What is being asked => All records below are to be duplicated exactly, with every picture excluded.
*** Material for the task ***
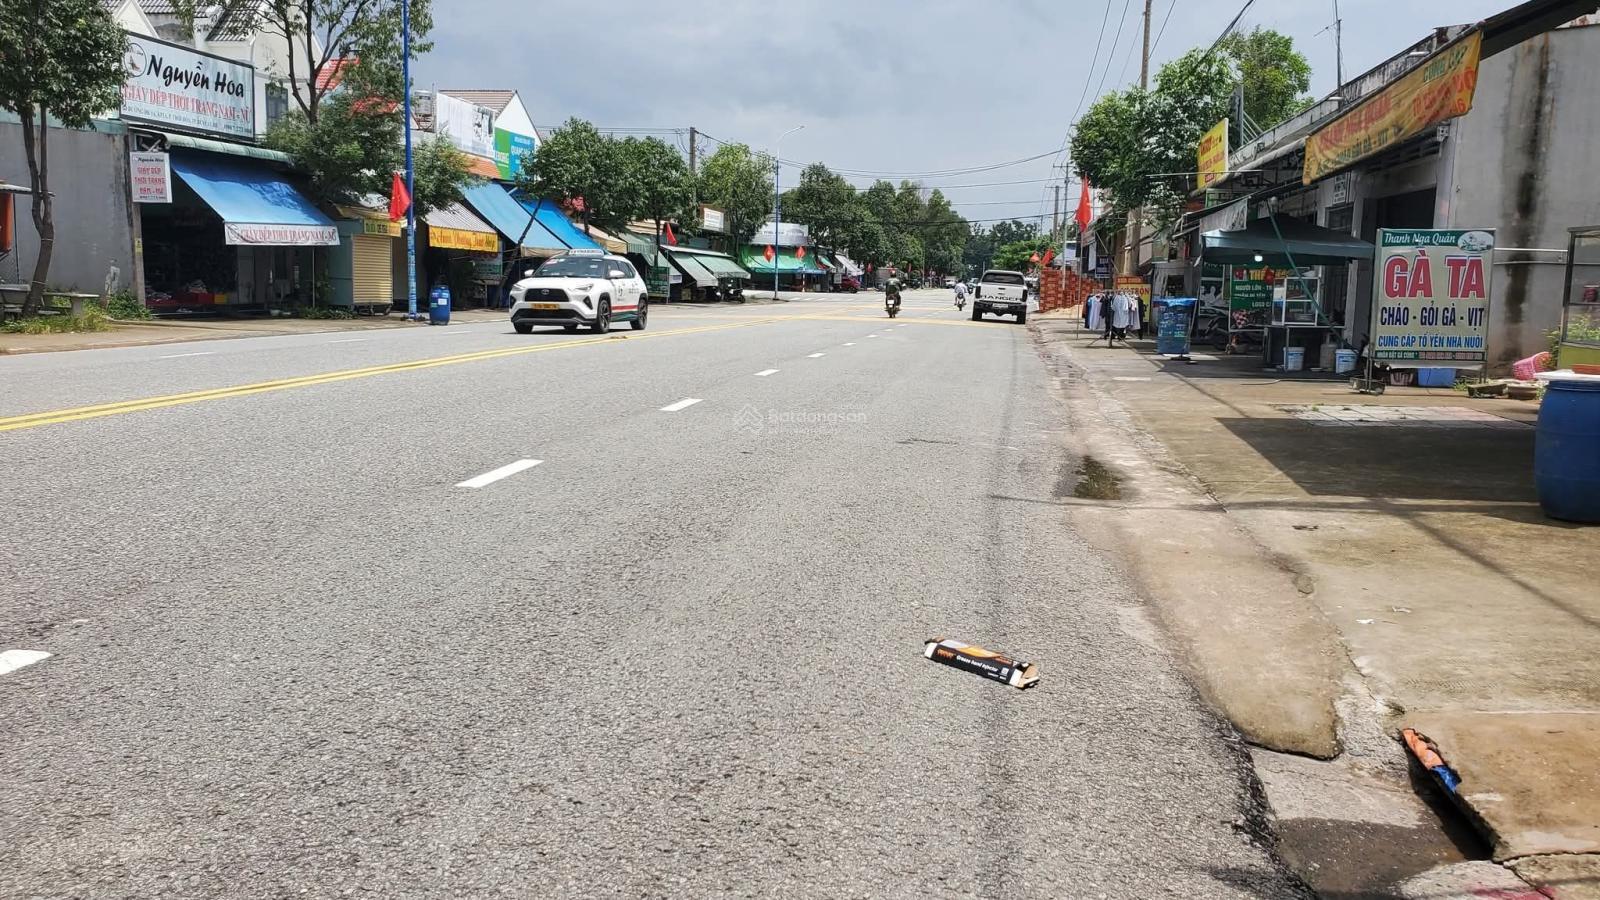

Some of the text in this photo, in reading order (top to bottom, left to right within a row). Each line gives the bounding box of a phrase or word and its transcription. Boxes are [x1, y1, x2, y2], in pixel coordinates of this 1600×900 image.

[147, 55, 244, 97] Nguyễn Hoa
[1384, 233, 1410, 244] Thanh
[1412, 233, 1430, 247] Nga
[1384, 249, 1486, 298] GÀ TA
[1380, 303, 1410, 326] CHÁO
[1420, 300, 1439, 326] GỎI
[1442, 303, 1456, 326] GÀ
[1468, 307, 1485, 331] VỊT
[1378, 335, 1399, 347] CUNG
[1401, 332, 1416, 347] CẤP
[1430, 331, 1444, 347] YẾN
[1464, 333, 1483, 348] NUÔI
***
Task output =>
Some of the text in this photo, in reading order (top to bottom, left to right within a row). Each line gives the bounding box of a phrase or word and its transcription. Boxes are [x1, y1, x2, y2], in pixel coordinates of this 1600×900 image.

[147, 55, 244, 97] Nguyễn Hoa
[1384, 233, 1410, 244] Thanh
[1412, 233, 1430, 247] Nga
[1384, 249, 1486, 298] GÀ TA
[1380, 303, 1410, 326] CHÁO
[1420, 300, 1439, 326] GỎI
[1442, 303, 1456, 326] GÀ
[1468, 307, 1485, 331] VỊT
[1378, 335, 1399, 347] CUNG
[1401, 332, 1416, 347] CẤP
[1430, 331, 1444, 347] YẾN
[1464, 333, 1483, 348] NUÔI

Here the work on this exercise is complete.